Polidimetilsilossano (PDMS)
- In una tazza di plastica monouso combinare Sylgard 184 Base elastomero siliconico con il catalizzatore nel rapporto 10:1, mescolare energicamente con una linguetta di legno o plastica depressore quindi degassare in una campana sottovuoto temperatura ambiente per 30 min.

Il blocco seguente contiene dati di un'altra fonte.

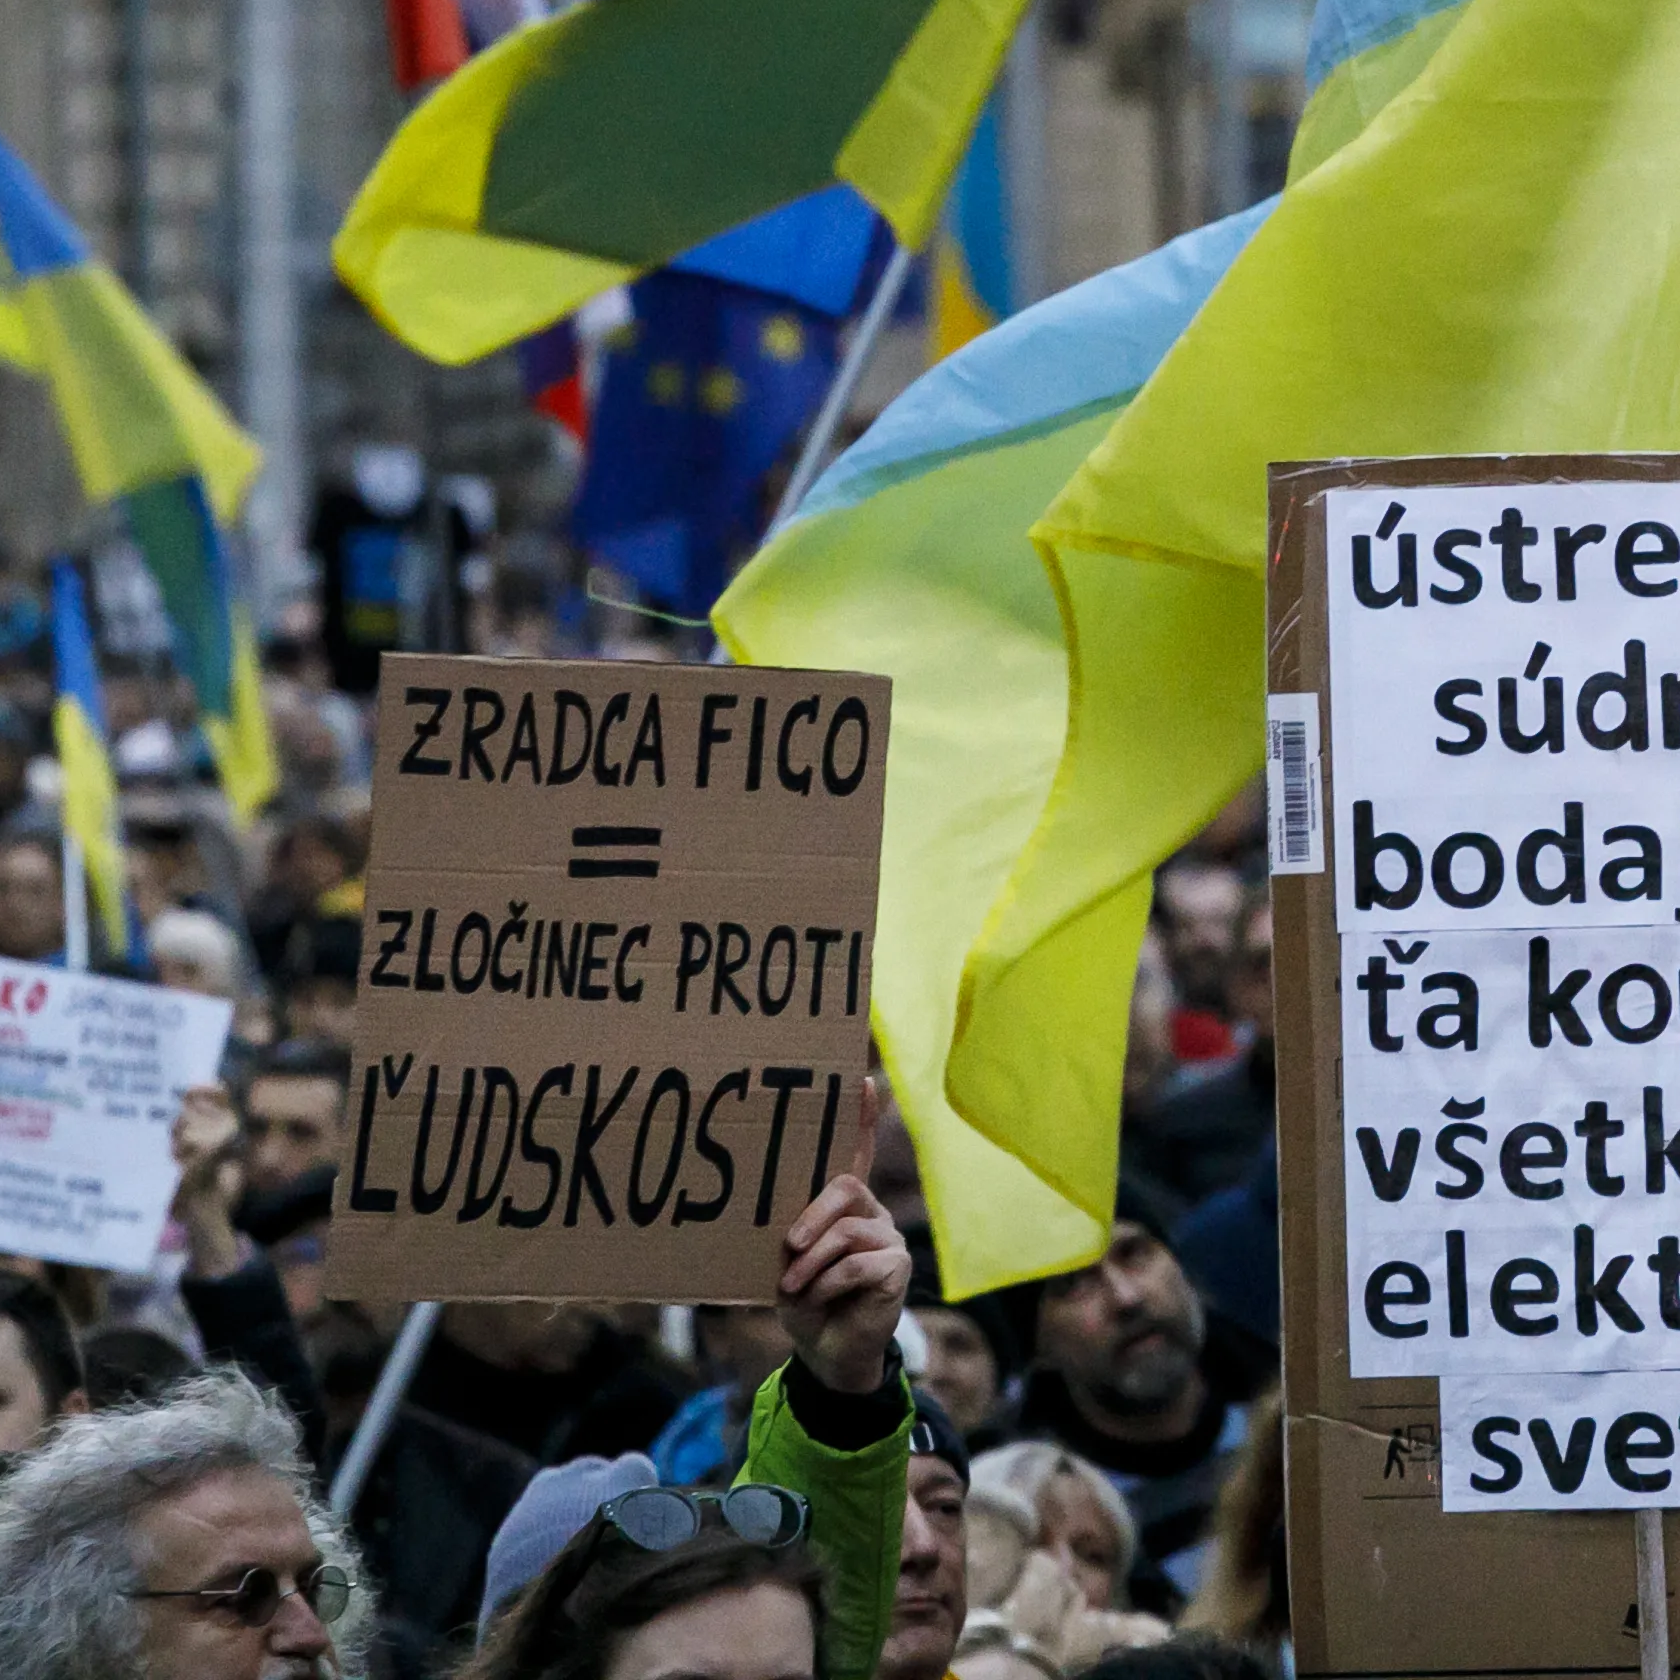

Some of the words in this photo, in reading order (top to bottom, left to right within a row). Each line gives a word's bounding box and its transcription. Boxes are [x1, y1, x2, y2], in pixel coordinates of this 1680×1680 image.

- Centro di un vetrino standard del mandrino azionato a vuoto di un rivestitore a rotazione, quindi filo 0,5 ml del polimero elastomero mista sul centro della superficie di scorrimento. Spin a6000 rpm per 60 sec.
- Curare i PDMS rivestite con diapositive di una 70 ° C forno o su una piastra calda digitale (protetto dalla polvere) per 4 ore a tutta la notte.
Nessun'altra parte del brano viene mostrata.